_Required action:_ Make an exact copy of the records that follow, with each picture omitted.

(Collected data)
[Start of Attachment]

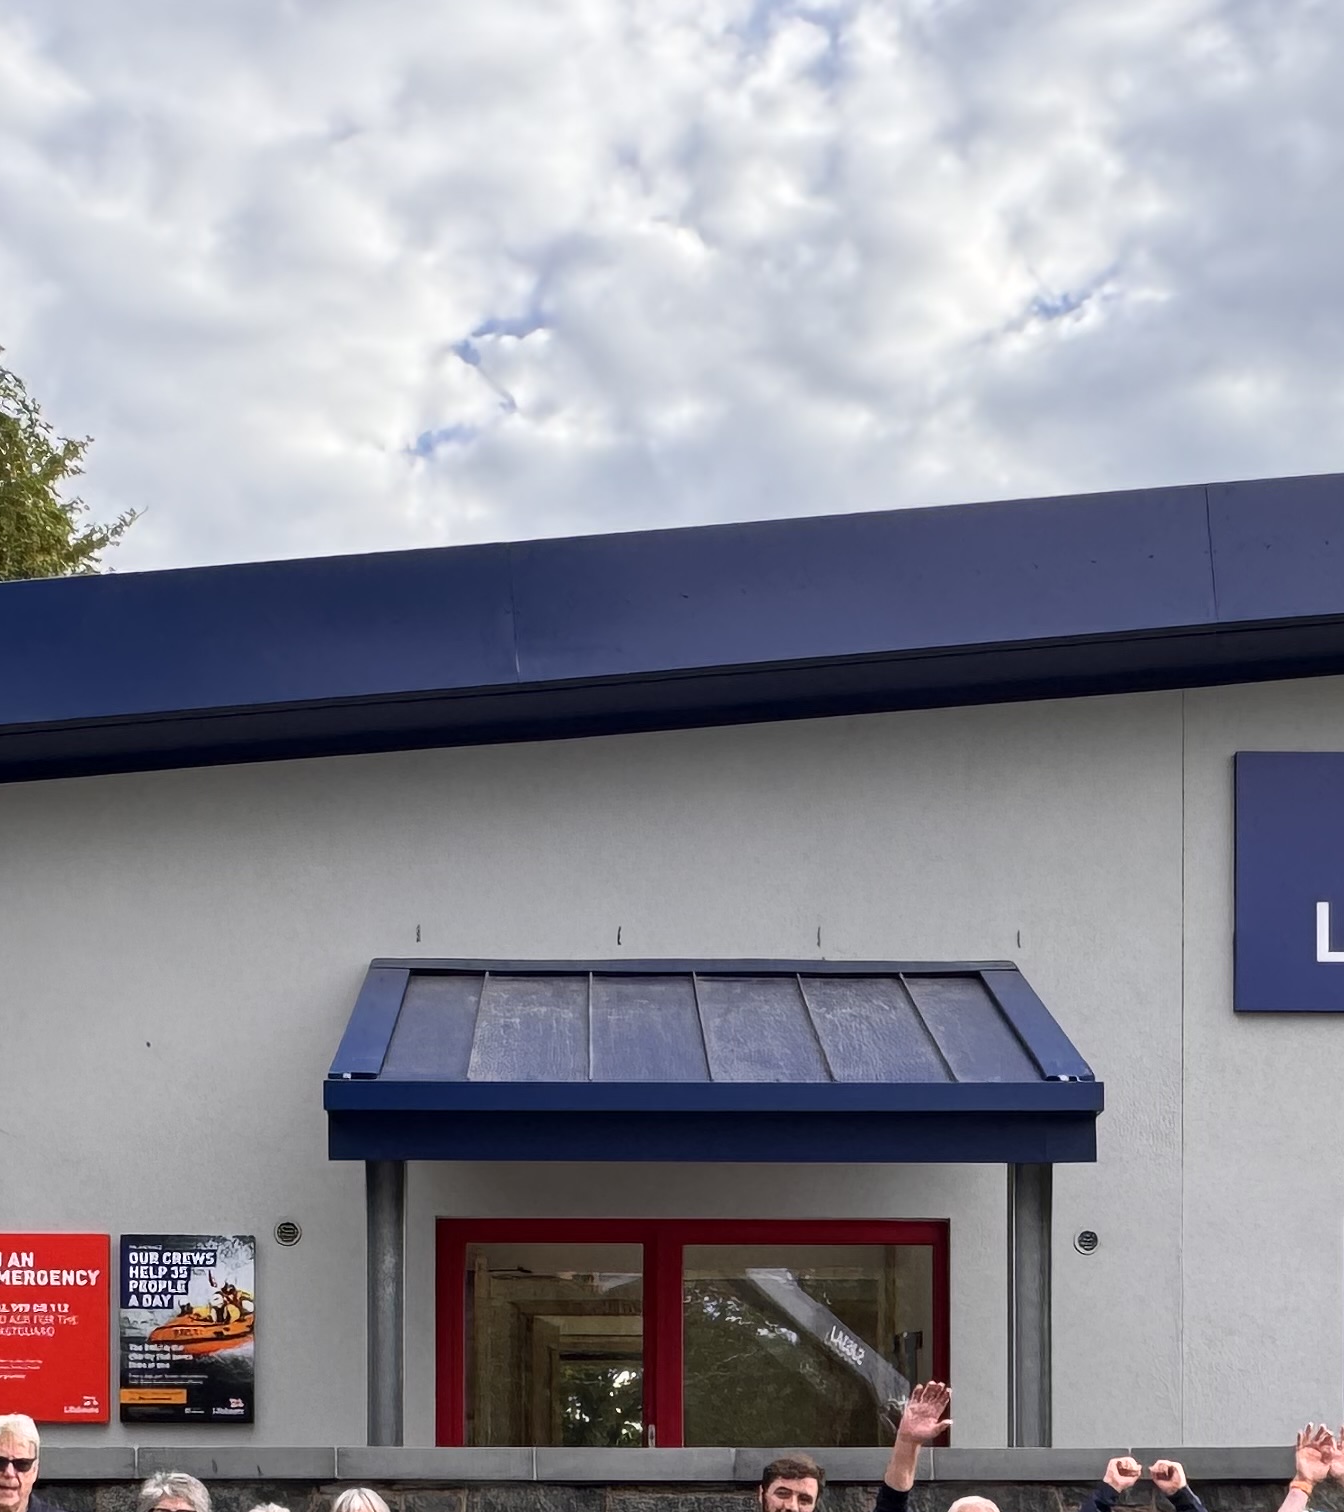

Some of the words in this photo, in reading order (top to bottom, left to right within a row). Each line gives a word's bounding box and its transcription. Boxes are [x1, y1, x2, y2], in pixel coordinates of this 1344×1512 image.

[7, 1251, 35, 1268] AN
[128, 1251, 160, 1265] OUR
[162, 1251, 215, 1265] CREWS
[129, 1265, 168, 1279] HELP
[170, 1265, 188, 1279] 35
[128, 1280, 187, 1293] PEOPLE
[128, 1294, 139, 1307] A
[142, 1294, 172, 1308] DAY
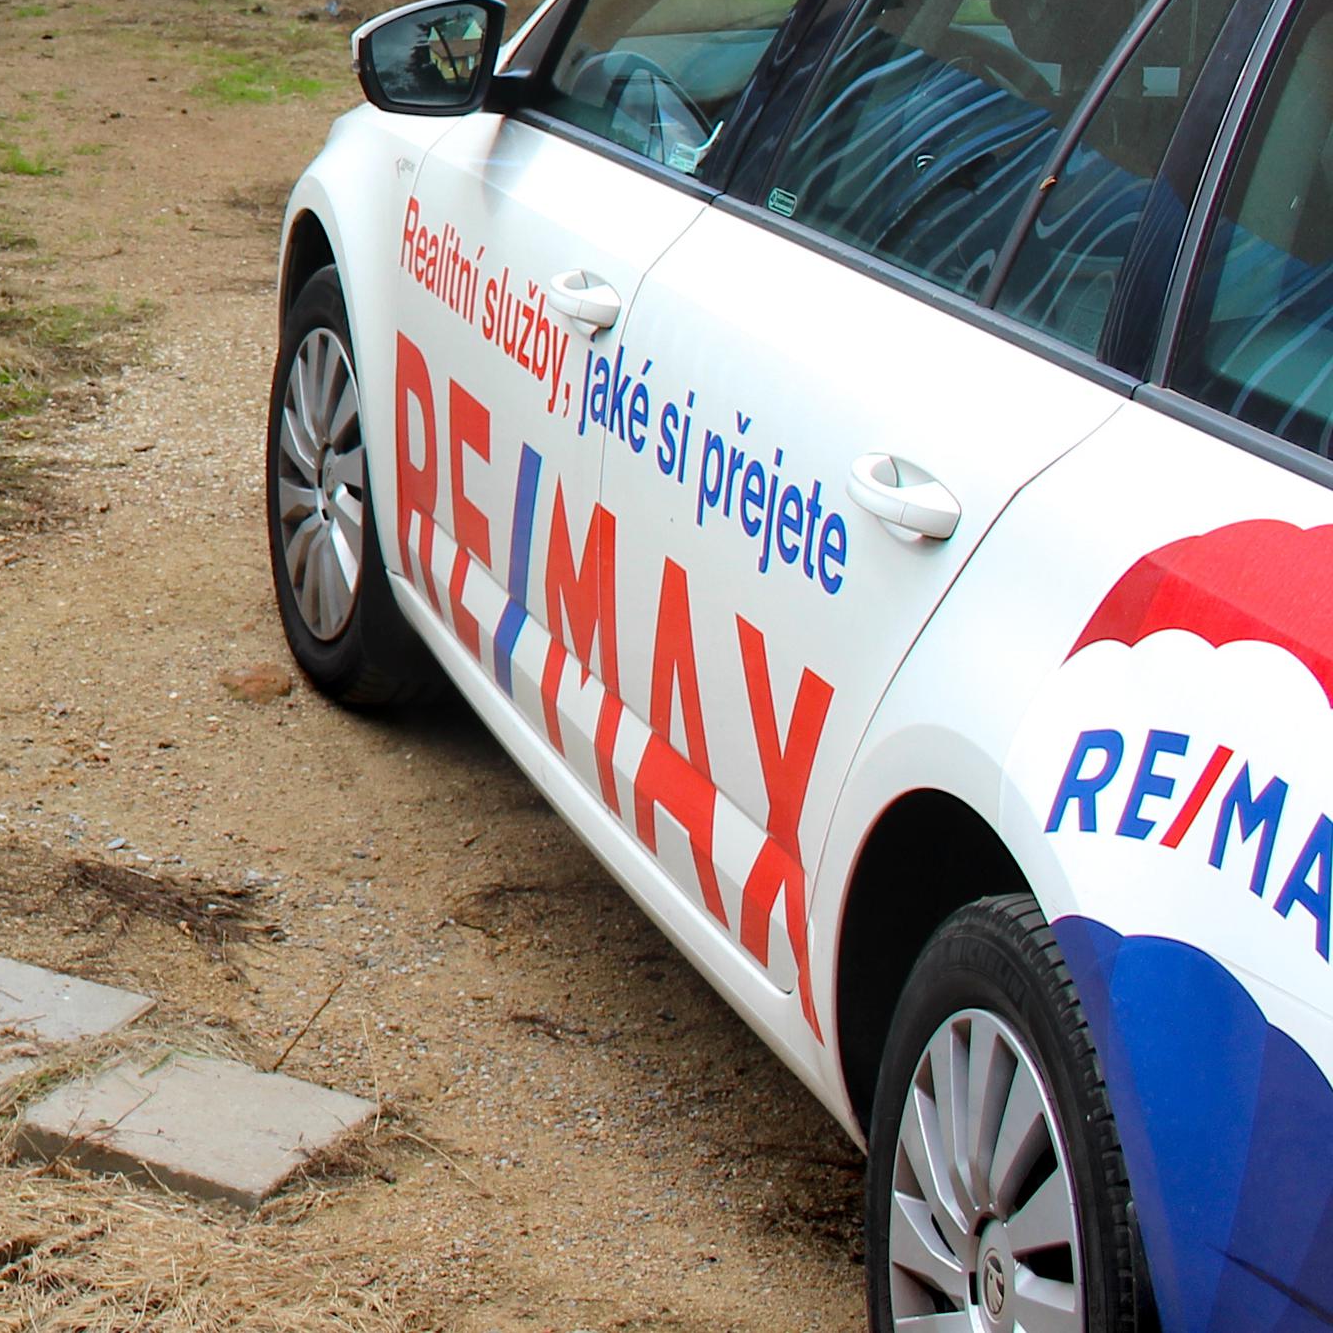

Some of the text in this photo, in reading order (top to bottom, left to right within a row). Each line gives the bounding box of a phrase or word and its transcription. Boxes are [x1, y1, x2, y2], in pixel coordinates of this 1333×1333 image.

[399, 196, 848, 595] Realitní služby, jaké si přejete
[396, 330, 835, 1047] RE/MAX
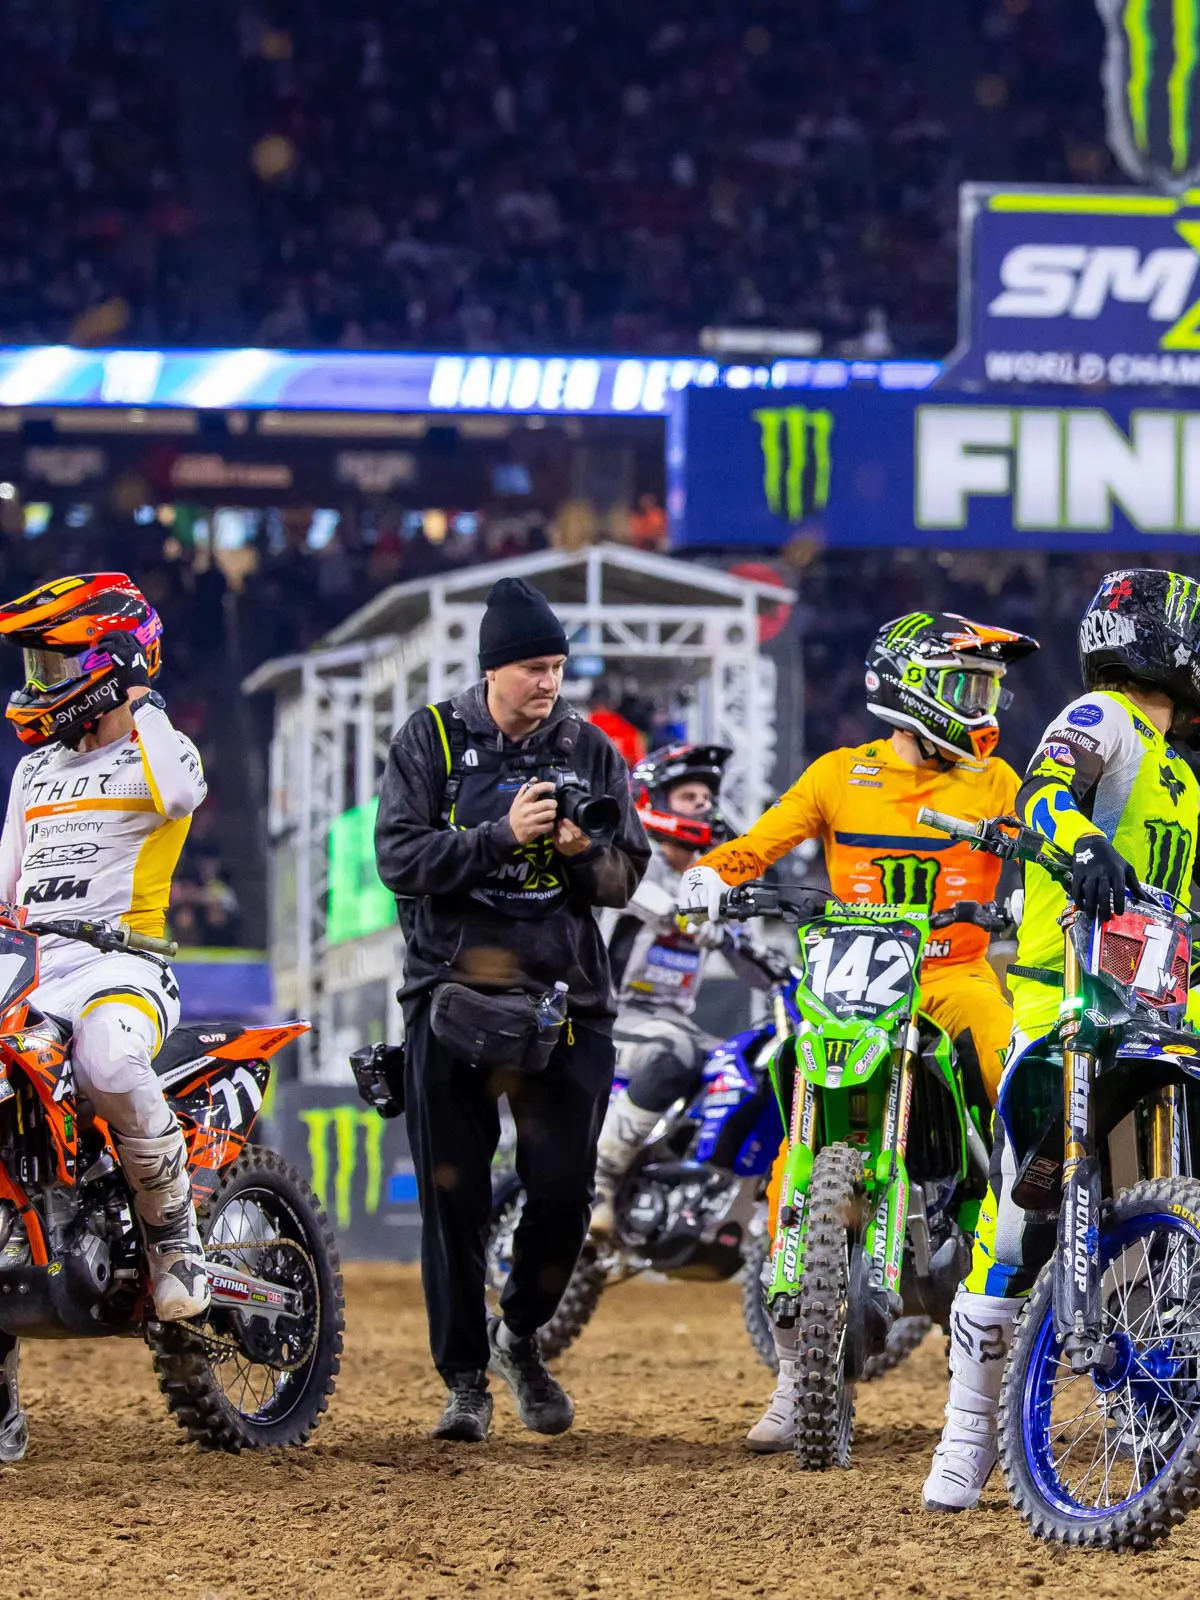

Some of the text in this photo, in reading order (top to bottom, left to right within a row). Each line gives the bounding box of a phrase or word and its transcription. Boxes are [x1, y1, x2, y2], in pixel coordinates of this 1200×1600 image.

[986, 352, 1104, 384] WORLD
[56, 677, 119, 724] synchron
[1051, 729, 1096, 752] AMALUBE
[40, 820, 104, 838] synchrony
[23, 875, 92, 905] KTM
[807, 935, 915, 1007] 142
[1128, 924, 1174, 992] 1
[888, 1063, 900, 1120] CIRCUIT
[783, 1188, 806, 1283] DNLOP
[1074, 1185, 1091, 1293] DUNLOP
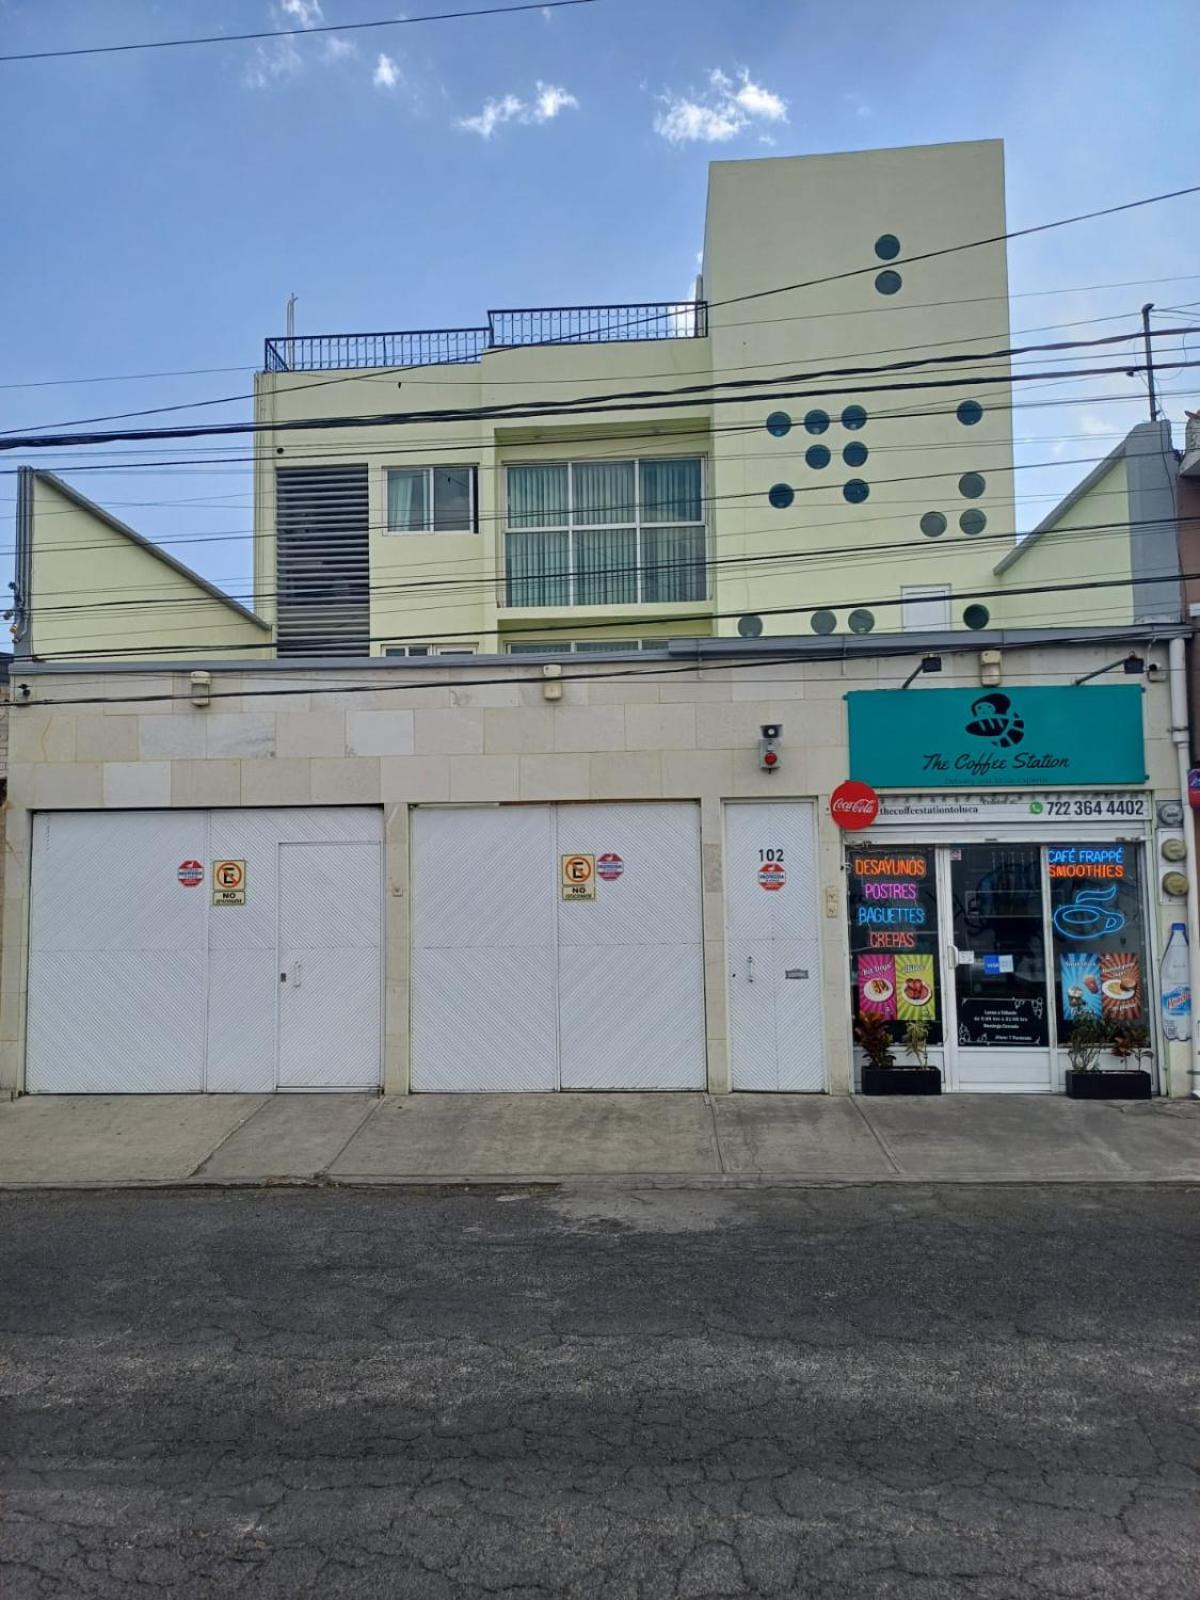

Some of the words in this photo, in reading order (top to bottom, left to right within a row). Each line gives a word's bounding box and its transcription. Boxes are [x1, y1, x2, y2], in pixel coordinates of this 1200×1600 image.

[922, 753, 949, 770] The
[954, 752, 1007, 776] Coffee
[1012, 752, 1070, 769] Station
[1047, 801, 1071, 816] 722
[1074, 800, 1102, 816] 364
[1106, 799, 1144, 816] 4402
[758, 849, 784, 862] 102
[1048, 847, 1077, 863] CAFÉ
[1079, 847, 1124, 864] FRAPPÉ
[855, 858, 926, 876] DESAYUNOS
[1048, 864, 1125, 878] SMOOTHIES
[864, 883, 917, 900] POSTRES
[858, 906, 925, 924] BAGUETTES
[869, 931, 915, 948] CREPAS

[End of Attachment]

_Response to the task:_
Some of the words in this photo, in reading order (top to bottom, left to right within a row). Each line gives a word's bounding box and its transcription. Boxes are [x1, y1, x2, y2], in pixel coordinates of this 1344×1512 image.

[7, 1251, 35, 1268] AN
[128, 1251, 160, 1265] OUR
[162, 1251, 215, 1265] CREWS
[129, 1265, 168, 1279] HELP
[170, 1265, 188, 1279] 35
[128, 1280, 187, 1293] PEOPLE
[128, 1294, 139, 1307] A
[142, 1294, 172, 1308] DAY

Some of the text in this photo, in reading order (top to bottom, left to right within a row). Each line gives the bounding box of a phrase or word and its transcription. Boxes are [x1, y1, x2, y2], in pixel coordinates of this 1333×1333 image.

[399, 196, 848, 595] Realitní služby, jaké si přejete
[396, 330, 835, 1047] RE/MAX

Some of the text in this photo, in reading order (top to bottom, left to right within a row). Each line gives the bounding box of a phrase or word and its transcription. Boxes are [x1, y1, x2, y2], in pixel coordinates of this 1200×1600 image.

[986, 352, 1104, 384] WORLD
[56, 677, 119, 724] synchron
[1051, 729, 1096, 752] AMALUBE
[40, 820, 104, 838] synchrony
[23, 875, 92, 905] KTM
[807, 935, 915, 1007] 142
[1128, 924, 1174, 992] 1
[888, 1063, 900, 1120] CIRCUIT
[783, 1188, 806, 1283] DNLOP
[1074, 1185, 1091, 1293] DUNLOP

Some of the words in this photo, in reading order (top to bottom, left to right within a row). Each line gives a word's bounding box and its transcription. Boxes are [x1, y1, x2, y2], in pixel coordinates of this 1200×1600 image.

[922, 753, 949, 770] The
[954, 752, 1007, 776] Coffee
[1012, 752, 1070, 769] Station
[1047, 801, 1071, 816] 722
[1074, 800, 1102, 816] 364
[1106, 799, 1144, 816] 4402
[758, 849, 784, 862] 102
[1048, 847, 1077, 863] CAFÉ
[1079, 847, 1124, 864] FRAPPÉ
[855, 858, 926, 876] DESAYUNOS
[1048, 864, 1125, 878] SMOOTHIES
[864, 883, 917, 900] POSTRES
[858, 906, 925, 924] BAGUETTES
[869, 931, 915, 948] CREPAS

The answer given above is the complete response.